Well, if to amuse myself and Ben, I decide to do a special meal for Easter I’ll be looking forward to putting a spring spin on everything. We’re having a start/stop introduction to spring in Toronto but I’m still looking forward cooking and baking with my spring favourites. It’s not like lemons are seasonal since there is no such thing as a local lemon in this part of the world. But for me it’s a spring and summer flavour that I love. It’s so fresh and bright tasting – I love adding lemon to savoury or sweet dishes. I don’t remember how I came across this one. I’ve been making it for a few months now and it’s a big hit. It’s an old fashioned dessert that can be made with chocolate, caramel, berries or citrus. It’s a light batter that, in the oven, puffs up into an airy sponge on top and leaves a creamy pudding sauce on the bottom. Yes, you read that right – it’s a pudding and it’s a cake. It’s also ridiculously easy to make. If you can get a hold of Meyer lemons they’re really worth it. Much less sour than a regular lemon, the only downside is their soft rind makes them a little tougher to zest. But regular lemons will make a great final dessert as well. So creamy delicious. And light enough to finish a decadent meal. If I make one of those…
photos by Maya Vinyei
Lemon Pudding Cake
Makes 1 large (1.5 quart or 1.4 litre) souffle dish or 4 individual ramekins
2 Tbsp butter, softened
1 cup sugar
3 eggs, seperated
1/4 cup flour
1 cup milk
1/3 cup lemon juice
1 Tbsp lemon zest
1/4 tsp salt
Preheat the oven 350 degrees.
Lightly butter your ramekin/s.
Remove 2 Tbsp of sugar from the 1 cup. Put this aside for the egg whites. With the rest of that cup of sugar, add the butter to it and beat it with a mixer until it’s light (it will still be grainy).

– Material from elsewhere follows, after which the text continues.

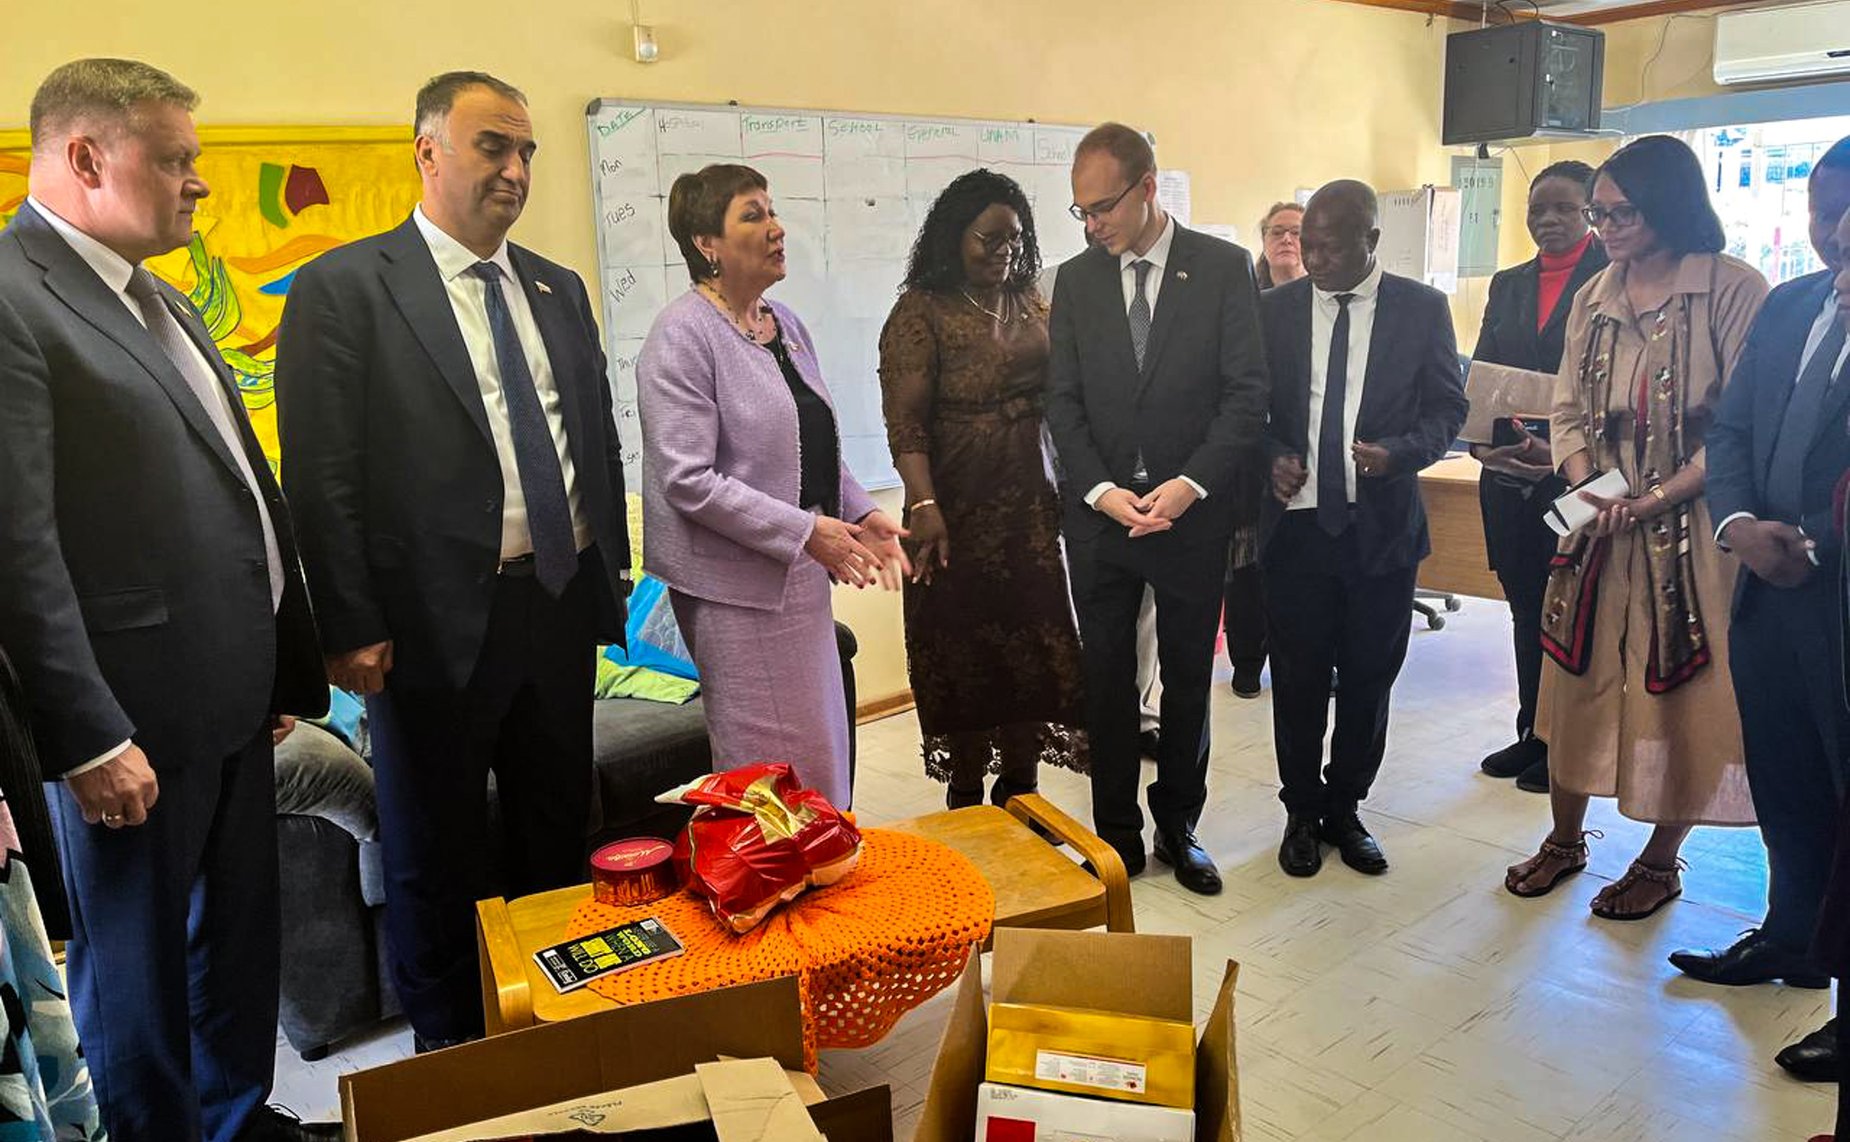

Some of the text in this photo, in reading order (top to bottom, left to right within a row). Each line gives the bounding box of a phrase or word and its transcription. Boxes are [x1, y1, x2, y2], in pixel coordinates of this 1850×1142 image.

[600, 159, 622, 176] Mon
[605, 203, 635, 228] Tues
[609, 268, 636, 303] Wed
[579, 957, 599, 974] DO

Add egg yolks one at a time, mixing well after each. Blend in the zest. Mix flour and salt into your batter. Now add your milk and lemon juice and give it all another mix.
In another bowl (be sure it’s super clean, egg whites don’t like grease of any kind) mix your egg whites until they’re frothy soft peaks. Sprinkle the 2 Tbsp of reserved sugar over them and continue to beat the whites until they form stiff peaks.
Gently fold your whites into the batter. Start by pouring the whites on top of the batter. Use a spatula and stir the batter around the bowl, then gently lift up and turn it over the whites. You’re looking to combine the two elements without crushing all those little bubbles you just built into your whites. Eventually it will all be the same colour and texture. Once it is, stop!
Place your ramekin/s into a high-edge roasting pan. Ladle your batter into the ramekin/s. Now carefully pour water into the roasting pan so that it comes up about halfway the ramekins. Pop them in a hot oven for 40 to 45 minutes. Watch it closely at the end – you want it to be golden but not brown. It will be a firm but soft sponge on the top.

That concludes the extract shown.